Since the Centers for Medicare & Medicaid Services (CMS) began allowing surgeons to bill patients for the elective component of medically necessary cataract surgery in May 2005, practices have been offering patients premium upgrades or alternatives to traditional monofocal cataract procedures. This trend started with presbyopia-correcting and toric lens implants. CMS’ model allowed for additional fees for resources required, for the fitting of and visual acuity testing for a premium IOL (that exceeds the facility's or physician’s charges for resources furnished for a conventional IOL for cataract surgery) and the difference in cost between standard and premium IOLs.
CMS reviewed laser cataract surgery and ruled that no additional fees could be charged for the use of the laser during the procedure.

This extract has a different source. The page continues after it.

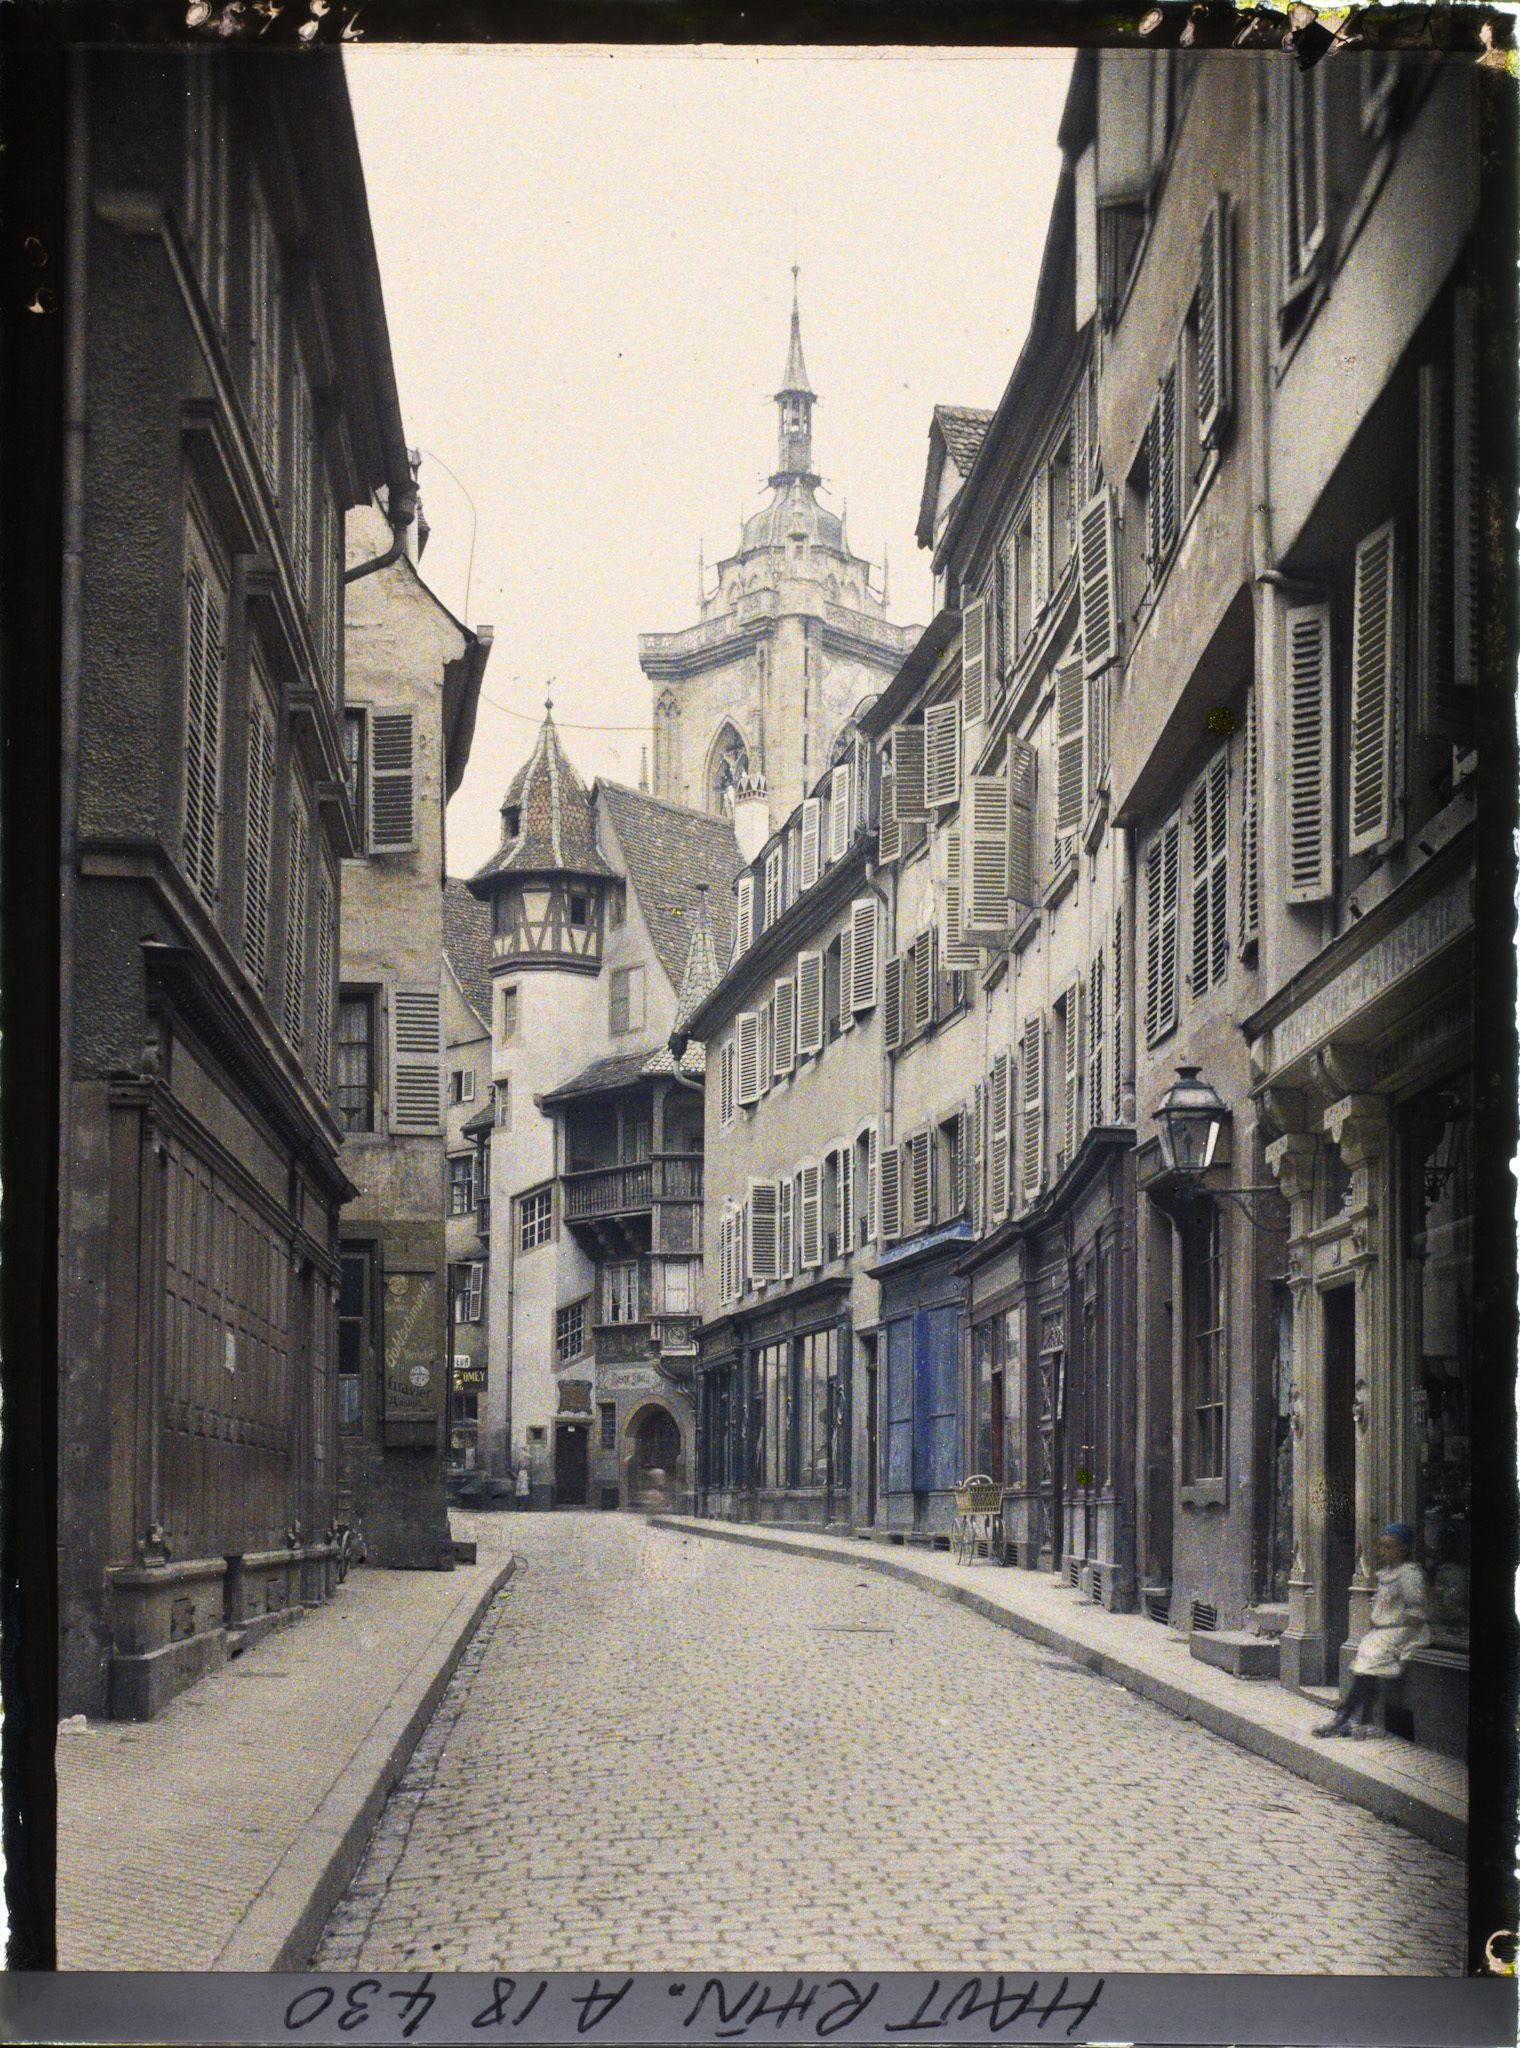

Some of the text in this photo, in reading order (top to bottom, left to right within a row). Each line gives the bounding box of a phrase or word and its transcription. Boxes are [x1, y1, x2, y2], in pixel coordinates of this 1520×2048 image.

[283, 1972, 438, 2038] 430
[471, 1976, 549, 2029] 18
[571, 1978, 635, 2034] A
[884, 1975, 1105, 2036] HAUT

According to the ruling, “Services that are part of cataract surgery with a conventional lens, including but not necessarily limited to the incision by whatever method, capsulotomy by whatever method and lens fragmentation by whatever method, may not be charged to the patient. … Medicare coverage and payment for cataract surgery is [sic] the same irrespective of whether the surgery is performed using conventional surgical techniques or a bladeless, computer-controlled laser.”1
In terms of reimbursement, a cataract procedure, whether performed with a laser or a manual technique, is billed to Medicare with the same procedural code and fee, which makes data collection and analysis challenging. If procedural volume is collected based on practice management reports, it is difficult to distinguish a laser cataract procedure from a traditional treatment, as the code for both is 66984.

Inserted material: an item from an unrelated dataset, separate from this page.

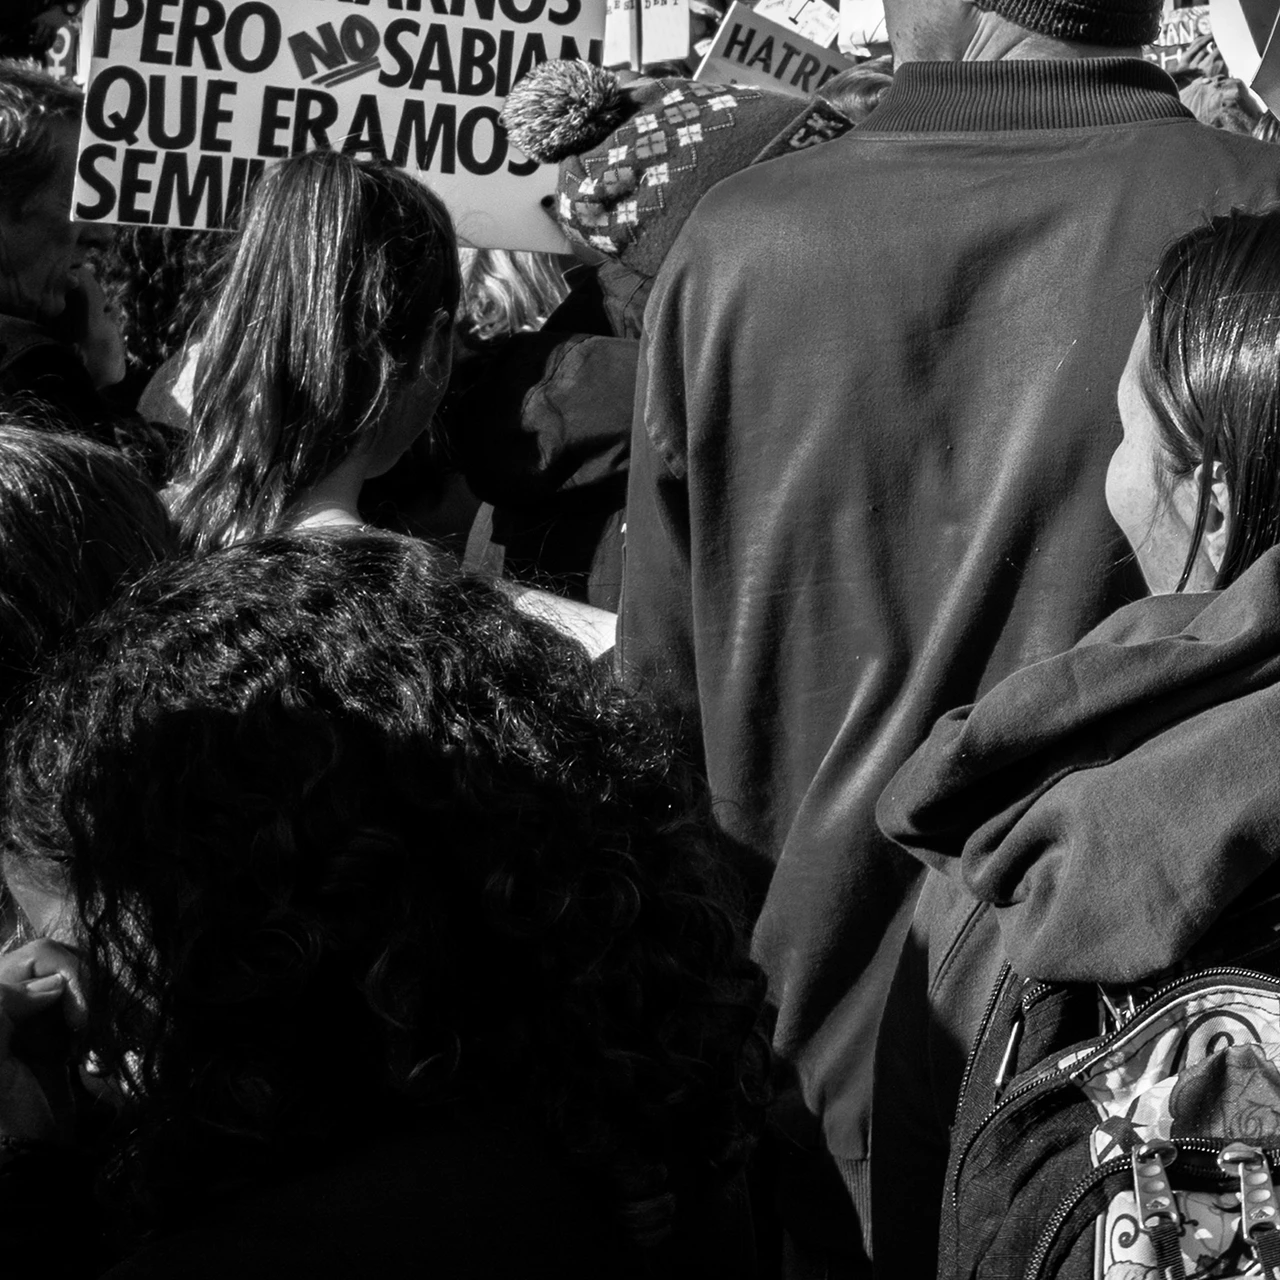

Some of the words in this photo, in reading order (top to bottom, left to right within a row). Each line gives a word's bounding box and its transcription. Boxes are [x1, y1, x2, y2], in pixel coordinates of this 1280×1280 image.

[286, 13, 381, 82] NO
[84, 64, 238, 154] QUE
[75, 143, 266, 230] SEMI

DATA COLLECTION AND ANALYSIS
To effectively collect and analyze annual cataract volumes, practitioners need to fill in the data in the Table based on their practice.

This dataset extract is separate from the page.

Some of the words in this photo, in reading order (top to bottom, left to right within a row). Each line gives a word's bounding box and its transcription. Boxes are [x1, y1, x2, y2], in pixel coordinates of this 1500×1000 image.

Some practices collect these data from IOL and product information pack order sheets, but it is still necessary to know if the procedure was a conventional or laser treatment. Cathi Lyons, administrator at Gordon Weiss Schanzlin Vision Institute, recommends keeping a separate spreadsheet to track the conversion of premium IOLs, both for traditional and laser cataract treatments. If performing procedures in a separate surgery center, she suggests asking the center to provide data for tracking. Another alternative is coding the elective component for laser cataract treatments under 66999 with a $0.00 charge to keep a count.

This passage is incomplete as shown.